We have been told that China Co. has been exporting deflation in consumer goods for years. However, as resources got scarcer and more and more expensive in dollar terms, inflation –the devil of the year- started kicking in and reaching unsustainable levels.

At the same time, countries with oil cap prices were killing their smaller and making survival extremely difficult to their major players.

I already commented on how oil subsidies where eating out on foreign reserves, creating emerging economies in oil-dependant nations à la USA. If anybody, China can afford subsidising its piping hot economy with its estimated 1 trillion US dollars foreign reserves pot. Just for fun, that is 1,000,000,000,000 or 12 zeros; don’t mistake it with the European trillion which is a million billions or otherwise known as 1.000.000.000.000.000.000.

Pointless facts aside, if anybody, China could have say something in the likes of “high oil prices? Bring them on!” After all, China’s developing machine was working on gasoline prices 40% below USA prices… and that is for a non-oil producer country. The other day I read of some American fellow who remembered when filling his car up would cost him $2… and now in Gordo, California a gallon goes for just above $6 per gallon, still a far cry from European prices.

But hey, look at what China just did, first kill off the small petrol stations who couldn’t survive after price caps. And now, taking advantage of a drop in monthly inflation and following India, Taiwan, Malaysia and Indonesia’s lead, the FT reports that:

[…] Beijing said that petrol and diesel would go up by to 18 per cent and electricity tariffs rose by just under 5 per cent.

That will slow demand in the short term (did you see the drop in the barrel price?), but if market dynamics is a good history teller, prices are due to increase in the Middle Kingdom (I just found out why the name, China is called ‘Zhongguo’ in Chinese), so they will attract more competition and therefore efficiencies in the retail, refining and logistics of petrol and diesel, potentially leading to long term lower prices.

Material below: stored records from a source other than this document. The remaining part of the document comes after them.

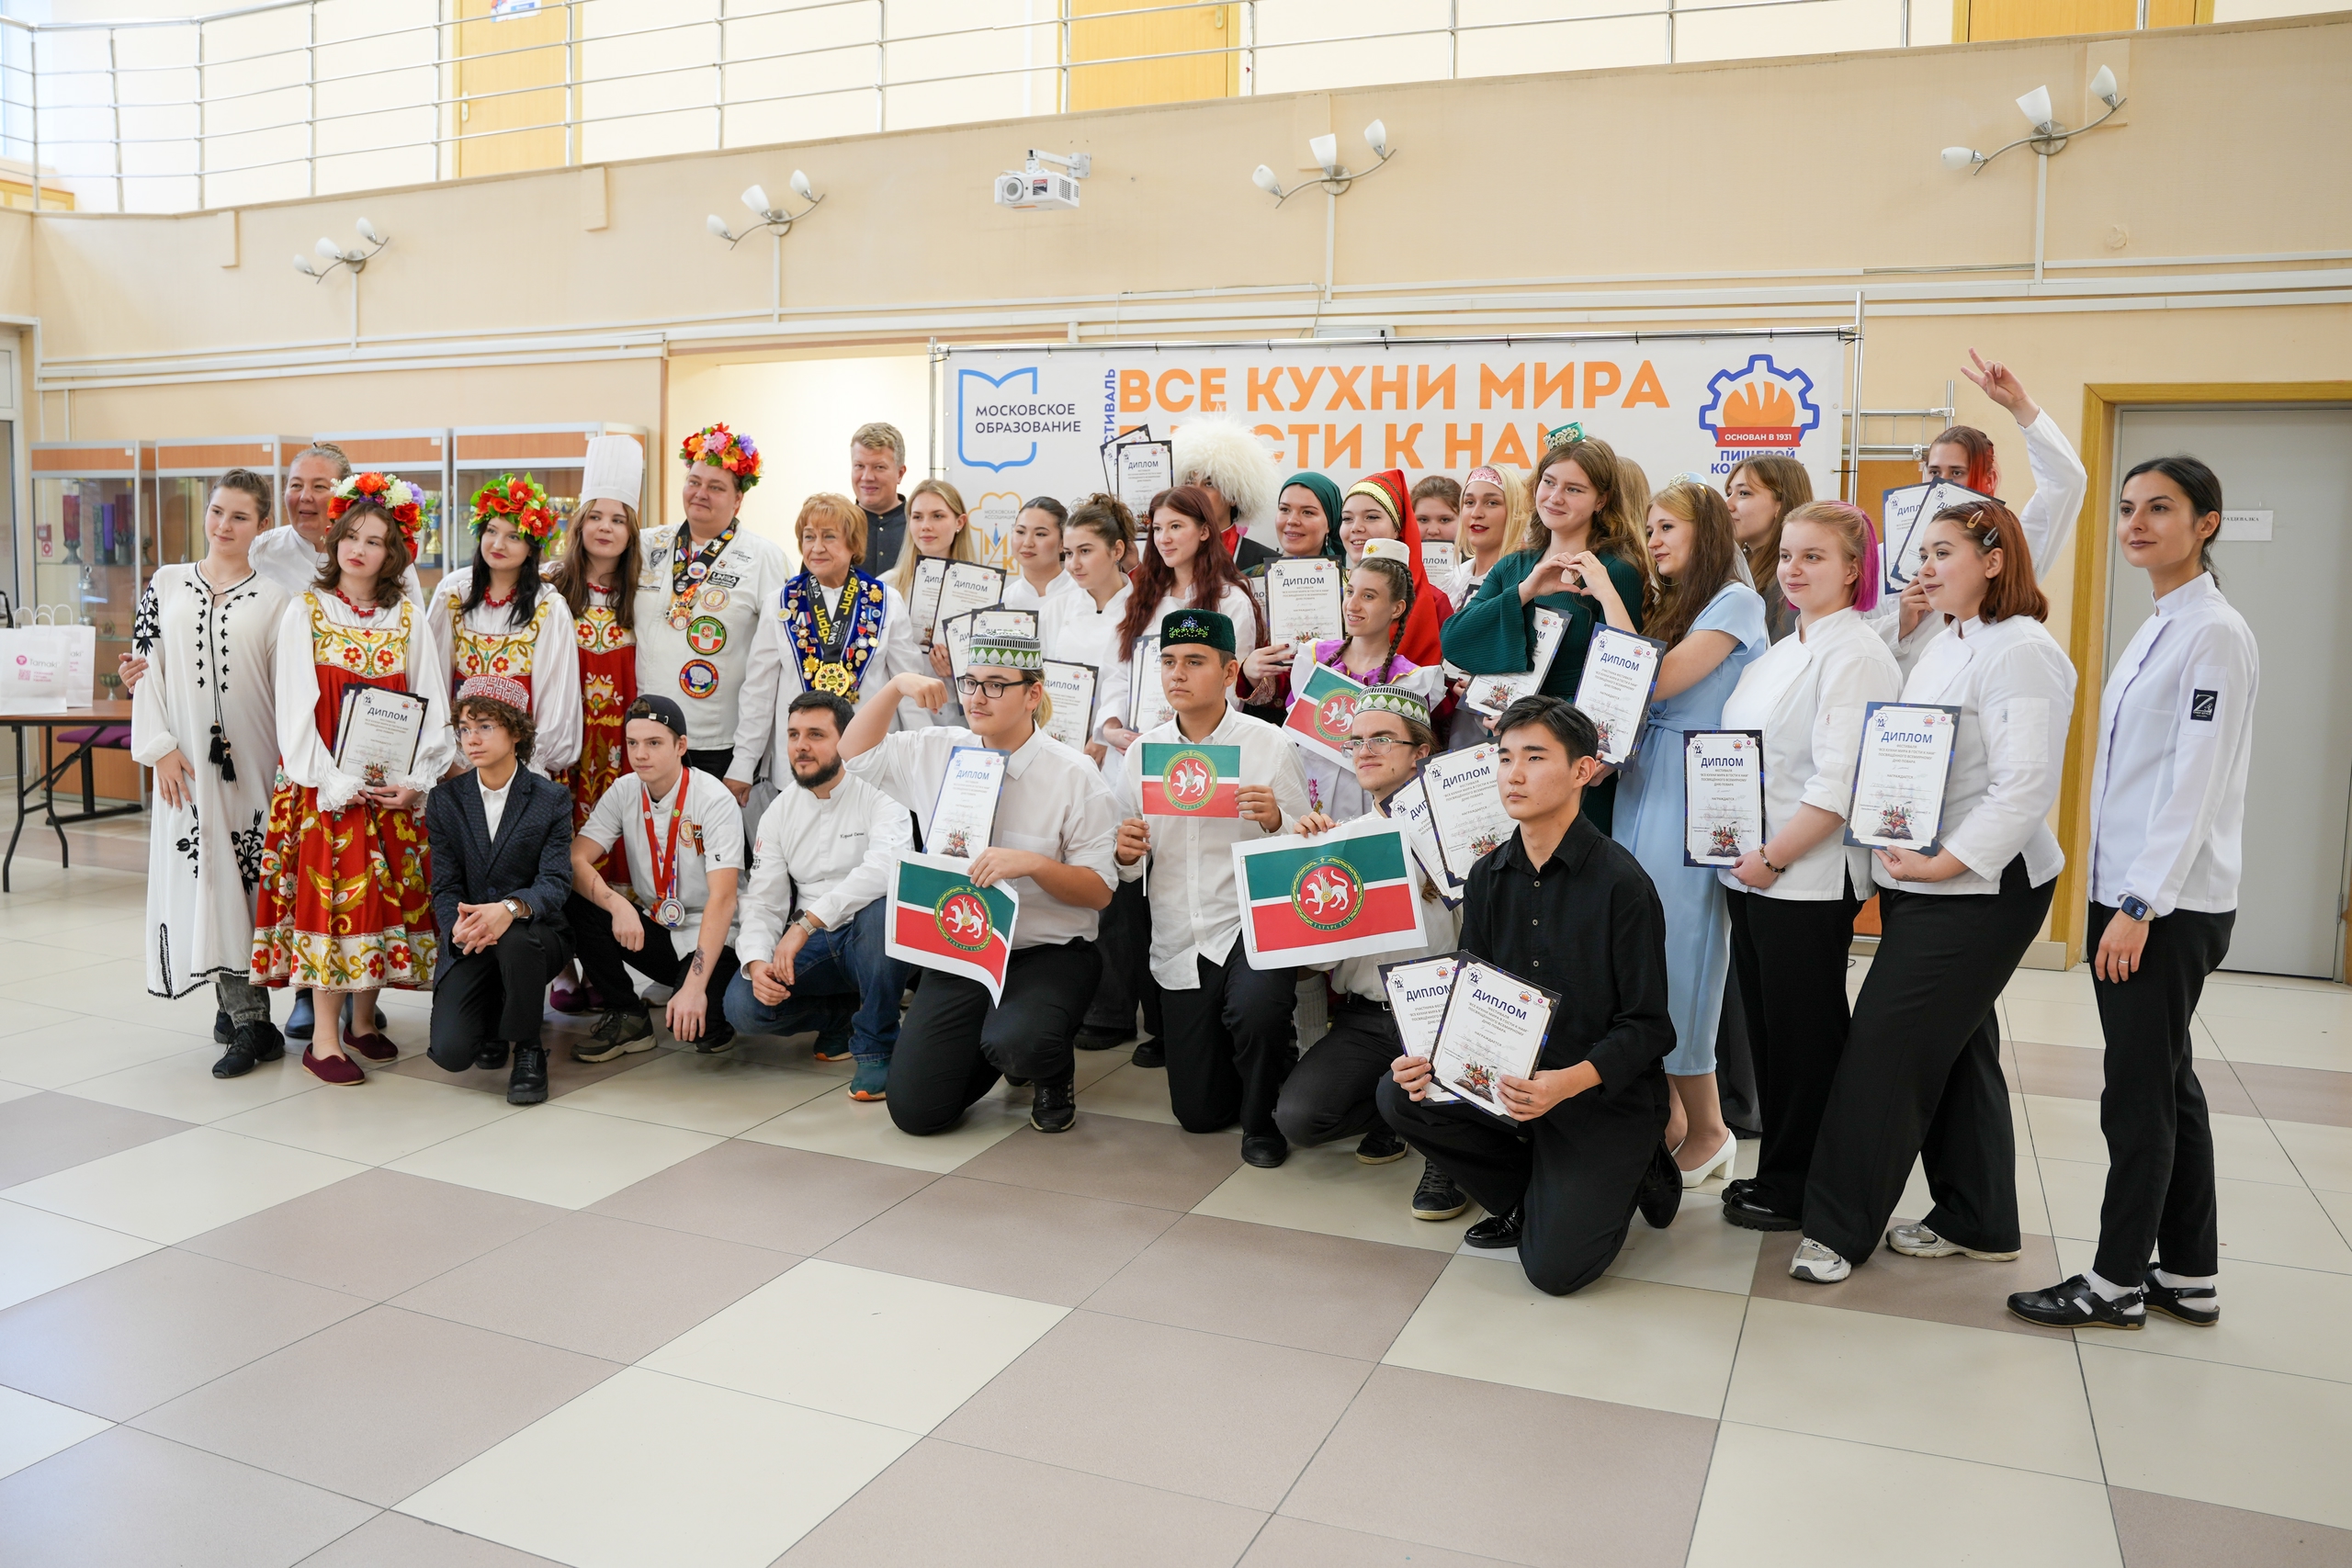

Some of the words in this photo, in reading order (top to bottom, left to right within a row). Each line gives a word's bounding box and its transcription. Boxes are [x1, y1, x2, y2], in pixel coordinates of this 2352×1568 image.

[1119, 368, 1227, 412] ВСЕ
[1247, 364, 1456, 412] КУХНИ
[1479, 360, 1670, 409] МИРА
[976, 403, 1076, 416] МОСКОВСКОЕ
[1104, 368, 1115, 443] СТИВАЛЬ
[976, 421, 1081, 434] ОБРАЗОВАНИЕ
[1385, 423, 1424, 469] К
[1128, 461, 1159, 469] ДИПЛОМ
[1897, 504, 1921, 516] ДИПЛ
[924, 575, 943, 583] ДИПЛ
[1283, 577, 1325, 587] ДИПЛОМ
[954, 581, 988, 592] ДИПЛОМ
[840, 577, 859, 615] Judge
[1600, 652, 1640, 671] ДИПЛОМ
[1044, 680, 1080, 691] ДИПЛОМ
[368, 707, 408, 722] ДИПЛОМ
[1881, 731, 1932, 743] ДИПЛОМ
[1701, 758, 1744, 768] ДИПЛОМ
[956, 770, 989, 780] ДИПЛОМ
[1442, 766, 1490, 789] ДИПЛОМ
[1313, 917, 1351, 931] ТАТАРСТАН
[949, 938, 980, 951] ТАТАРСТАН
[1472, 988, 1527, 1020] ДИПЛОМ

I guess that the pathetic and desperate position the USA has put itself after relying completely in petrol and oil for the daily commute to work of over 150m workers (or so Mark J. Penn says on his Microtrends full of scaretistics), is not something that the Chinese are very keen on replicating in their country. As much as environmentalists hate it, China moves on coal, not oil. Let’s thank them for that.

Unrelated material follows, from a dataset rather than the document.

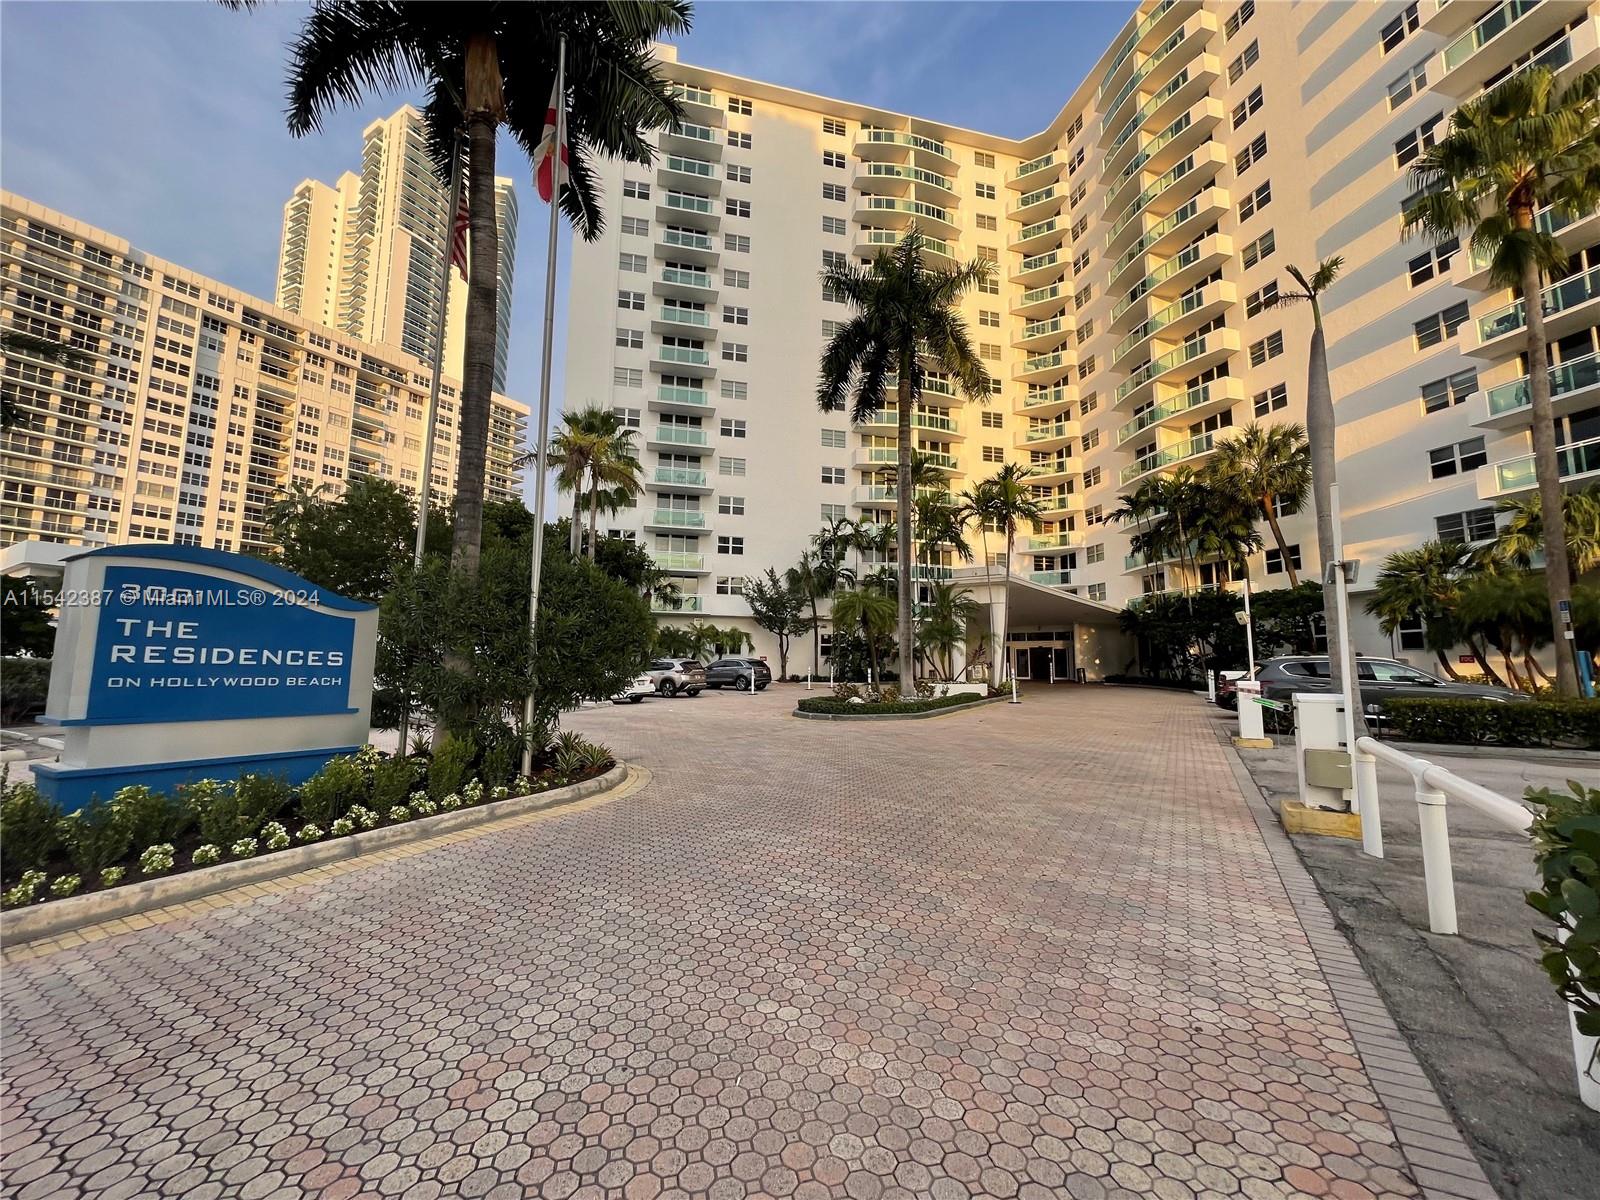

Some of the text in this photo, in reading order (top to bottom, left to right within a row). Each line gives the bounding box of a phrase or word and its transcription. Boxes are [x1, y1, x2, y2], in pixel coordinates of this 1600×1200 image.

[116, 618, 200, 639] THE
[110, 645, 344, 666] RESIDENCES
[107, 677, 342, 688] ON HOLLYWOOD BEACH

However, as of today, Joe Chang will pay a massive 18% increase at the petrol pumps and 16% at the diesel ones… that means:

  Petrol litre US gallon
£ 0.401 1.518
$ 0.791 2.994
0.508 1.921

And translates into this:

 

Alright, I wish I were paying that at the pump, instead of the £1.189 I paid yesterday, but urban incomes in China now average about $1,000 a year so I understand the queues but I think it is a step in the right direction. Still, if urban dwellers make around £500 per year, how much do they make in rural China? Frightening.

We just need a Fed half as realistic as China’s command government, and raise interest rates to the sky, a Volker-like response. Painful in the short term, but I bet commodity prices will drop dramatically in dollar terms.